Un tucumano participó en la operación y le contó a LA GACETA su experiencia

José Goldman, residente externo de neurocirugía, estaba de guardia cuando llegó Sharon.

EL EQUIPO. Goldman, primero de la derecha, en el hospital Hadassah.(HADASSAH UNIVERSITY HOSPITAL )
EL EQUIPO. Goldman, primero de la derecha, en el hospital Hadassah.(HADASSAH UNIVERSITY HOSPITAL )
07 Enero 2006
Estaba de guardia en el Hospital Universitario Hadassah, en Jerusalén, cuando Ariel Sharon llegó consciente, pero con un severo cuadro de hemorragia cerebral. Pese al despliegue debido a la urgencia y, a causa de la seguridad, el médico tucumano José Goldman (32 años) no se percató de quién se trataba, hasta que inició la delicada operación junto con otros dos argentinos: los neurocirujanos Félix Umansky (jefe del equipo) y José Cohen (especialista en neuronavegación), ambos rosarinos.
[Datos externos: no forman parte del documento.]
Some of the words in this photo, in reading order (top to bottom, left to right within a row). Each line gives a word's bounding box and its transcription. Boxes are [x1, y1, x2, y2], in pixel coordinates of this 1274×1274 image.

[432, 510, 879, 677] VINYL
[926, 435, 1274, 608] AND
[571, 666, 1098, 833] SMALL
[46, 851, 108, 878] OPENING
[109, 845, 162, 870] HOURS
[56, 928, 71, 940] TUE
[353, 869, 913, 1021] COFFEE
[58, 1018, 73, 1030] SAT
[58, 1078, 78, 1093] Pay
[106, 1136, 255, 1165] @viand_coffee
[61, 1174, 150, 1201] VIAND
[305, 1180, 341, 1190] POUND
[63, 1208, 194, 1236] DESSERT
"Estuve en la primera y en la segunda operación. Yo lo recibí a las 2.30 de la madrugada; lo llevamos al quirófano, luego le hicimos una tomografía y lo volvimos a operar. Esta última intervención duró más allá de las 10 de la mañana del jueves", explicó durante la conversación telefónica con LA GACETA, desde Jerusalén, donde reside con su esposa Graciela Giménez Lascano (29) y sus dos hijas: Agustina (2 años) y Sofía (1 mes), que nacieron allí.
Sobre el cuadro de situación actual de Sharon, señaló que es muy delicado y que está grave, pero estable. "Se lo paralizó farmacológicamente", apuntó. "La hemorragia es en el lado derecho del cerebro y podría haber algún daño neurológico que afectaría la función motora del lado izquierdo y, tal vez, del habla. Pero es muy prematuro decir algo sobre el tema", resaltó.
En cuanto a esta inesperada experiencia, Goldman indicó que está orgulloso de su aporte en la cirugía y en el tratamiento de Sharon. "Se vive un momento histórico; dejé mi huella y la de la Universidad Nacional de Tucumán", subrayó.
Sobre su participación en la cirugía al paciente, contó que le costó reconocerlo al recibirlo en la guardia, y luego le dijeron que era Sharon. "Aún no llego a dimensionar con exactitud dónde estoy parado ni la responsabilidad que me cupo en esa situación histórica para Israel y para el mundo, porque se trata de uno de los grandes líderes mundiales. Me enfrento con esta realidad cuando veo las noticias en la televisión o cuando me hablan por teléfono para preguntarme acerca del tema", remarcó.
"Pero, en aquel momento, la cirugía fue como una más. Salvo por la presencia inevitable de todo el personal de seguridad. Fue como una película de ficción. Guardias adentro del quirófano, en cada puerta y en el pasillo. Era todo un gran montaje, como en el cine", explicó.
"En cuanto a la cirugía en sí, el clima que se creó fue tenso y muy curioso. Ni nosotros podíamos creer lo que estaba pasando. Tres cirujanos argentinos estábamos operando al primer ministro israelí, tratando de salvarlo, y hablábamos en español. Yo empecé la cirugía, la apertura, como es lo usual, y las palabras de mi jefe (Umansky) me dieron la seguridad que necesitaba: ?empezá a operar, como si fuese cualquier paciente?. Entonces me tranquilicé y la operación terminó de la mejor forma", concluyó.
Goldman termina su residencia en 2007 y añora volver a Tucumán tras cinco años de ausencia.